## Work to complete
Nothing but the pictures should be dropped when the records are transcribed word for word.

## Records shown

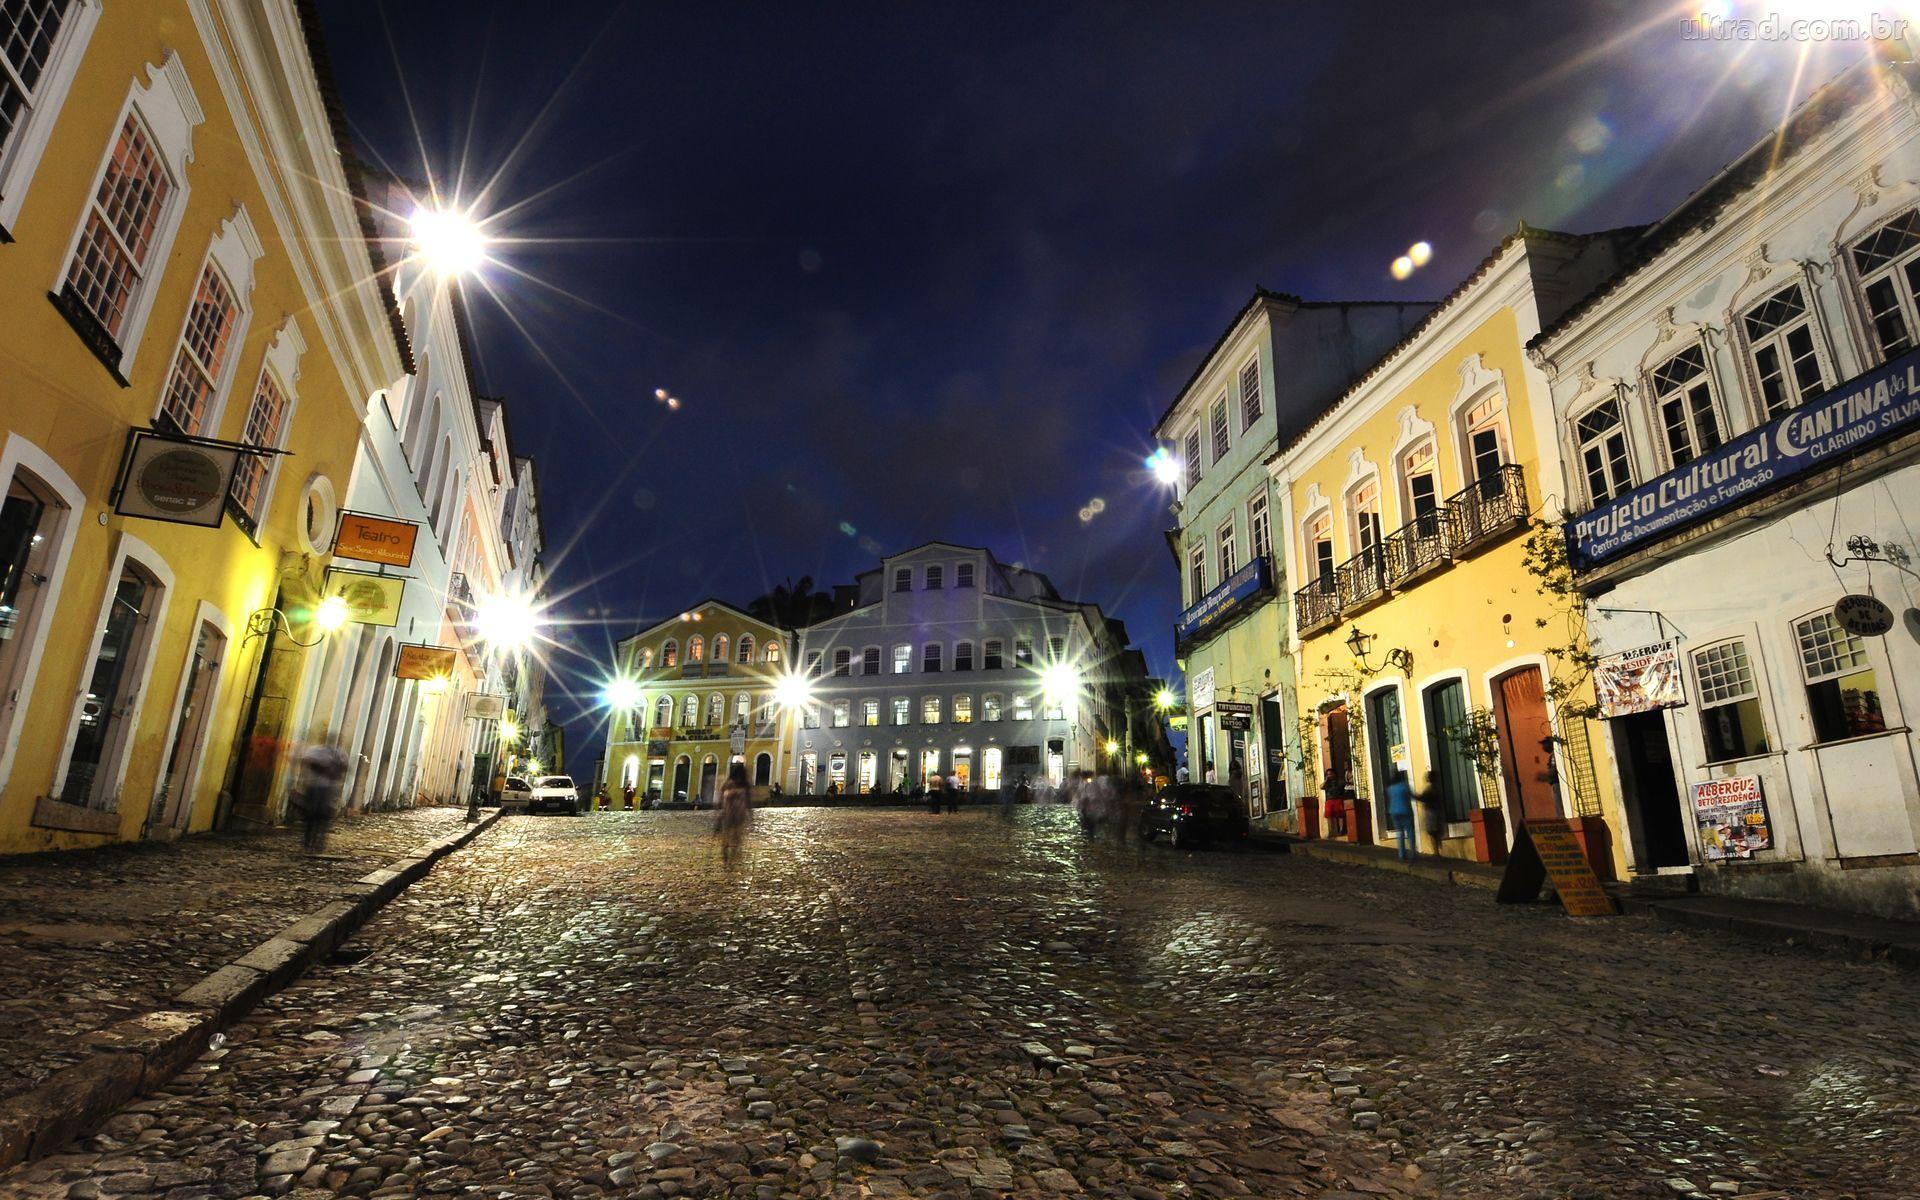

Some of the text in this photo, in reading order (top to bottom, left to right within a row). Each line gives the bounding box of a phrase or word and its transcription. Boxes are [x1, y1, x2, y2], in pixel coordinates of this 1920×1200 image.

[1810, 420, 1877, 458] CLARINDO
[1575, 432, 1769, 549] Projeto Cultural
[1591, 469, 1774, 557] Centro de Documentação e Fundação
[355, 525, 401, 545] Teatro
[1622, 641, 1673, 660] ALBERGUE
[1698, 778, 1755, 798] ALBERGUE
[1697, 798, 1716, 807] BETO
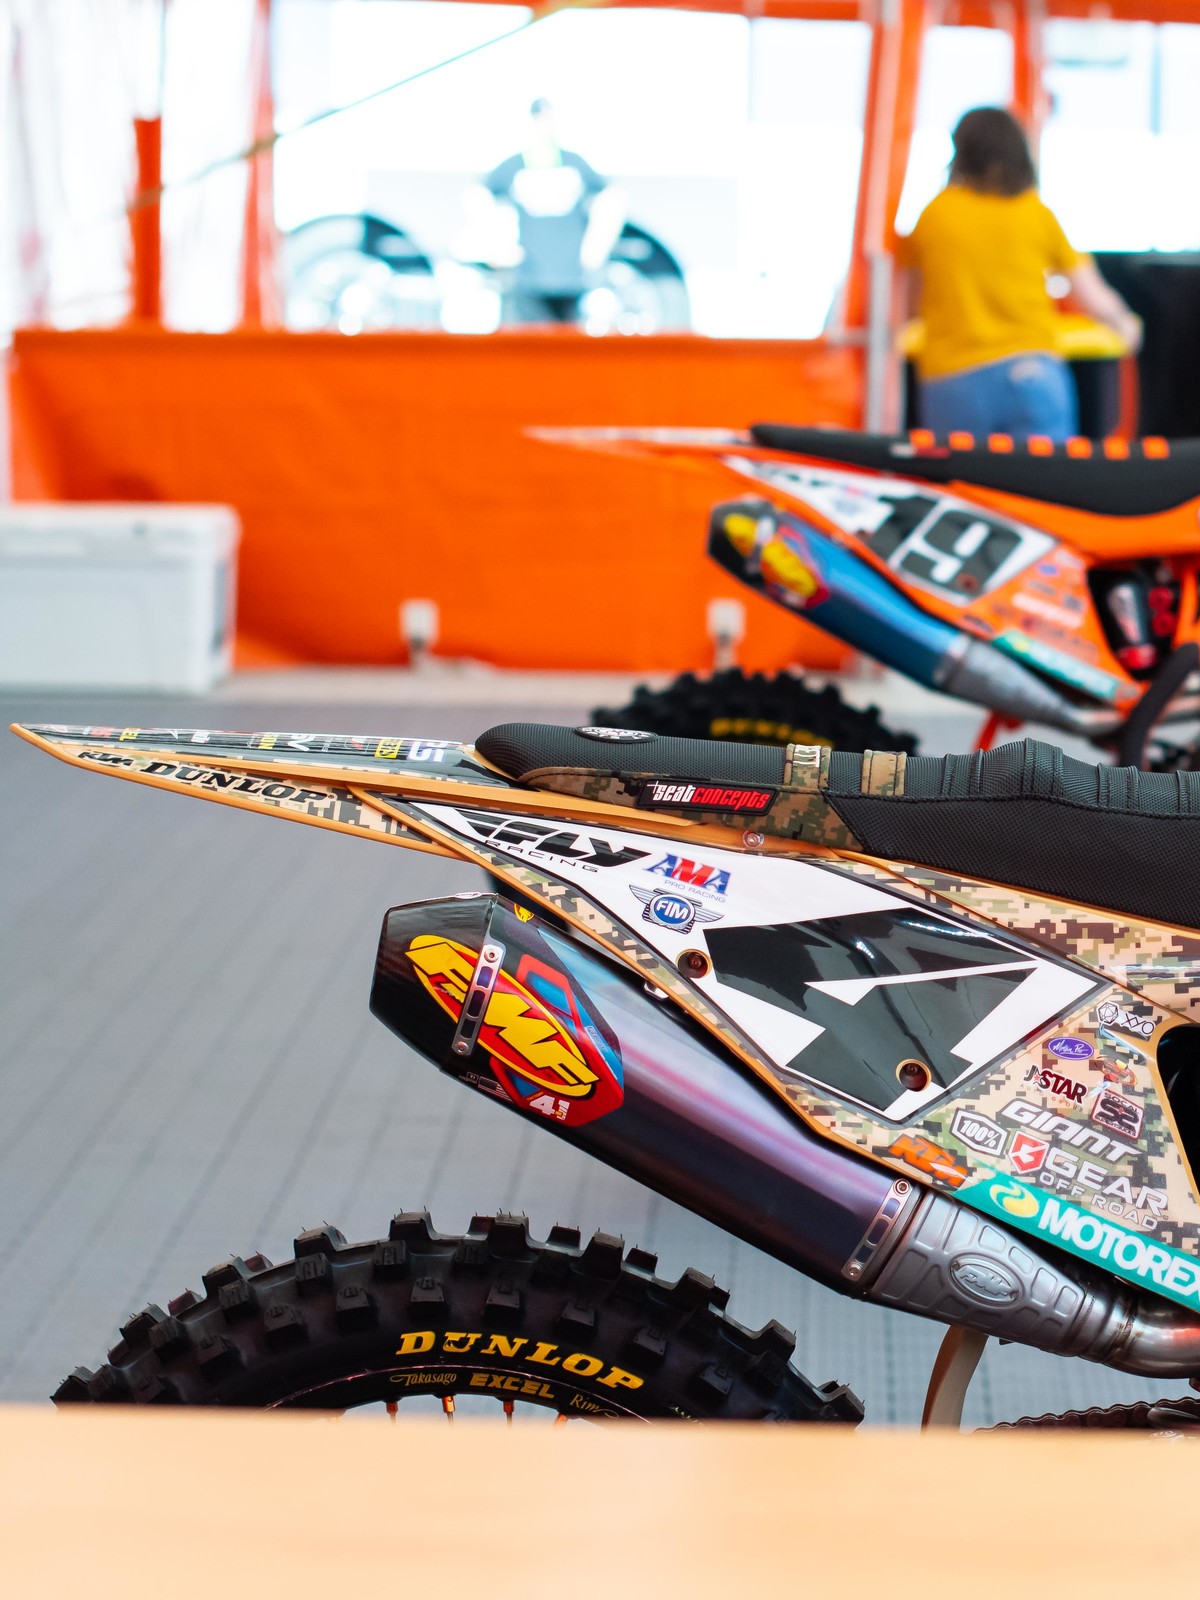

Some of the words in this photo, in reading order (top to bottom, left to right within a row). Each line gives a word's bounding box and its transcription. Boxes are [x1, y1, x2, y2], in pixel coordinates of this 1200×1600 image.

## Task result
Some of the text in this photo, in reading order (top to bottom, left to right within a row). Each line gives the bounding box of a phrase or word and its transcription. Boxes are [x1, y1, x2, y2], in pixel coordinates of this 1920×1200 image.

[1810, 420, 1877, 458] CLARINDO
[1575, 432, 1769, 549] Projeto Cultural
[1591, 469, 1774, 557] Centro de Documentação e Fundação
[355, 525, 401, 545] Teatro
[1622, 641, 1673, 660] ALBERGUE
[1698, 778, 1755, 798] ALBERGUE
[1697, 798, 1716, 807] BETO

Some of the words in this photo, in reading order (top to bottom, left to right within a row). Each line gives a word's bounding box and its transcription. Boxes are [x1, y1, x2, y2], in pixel coordinates of this 1200×1600 image.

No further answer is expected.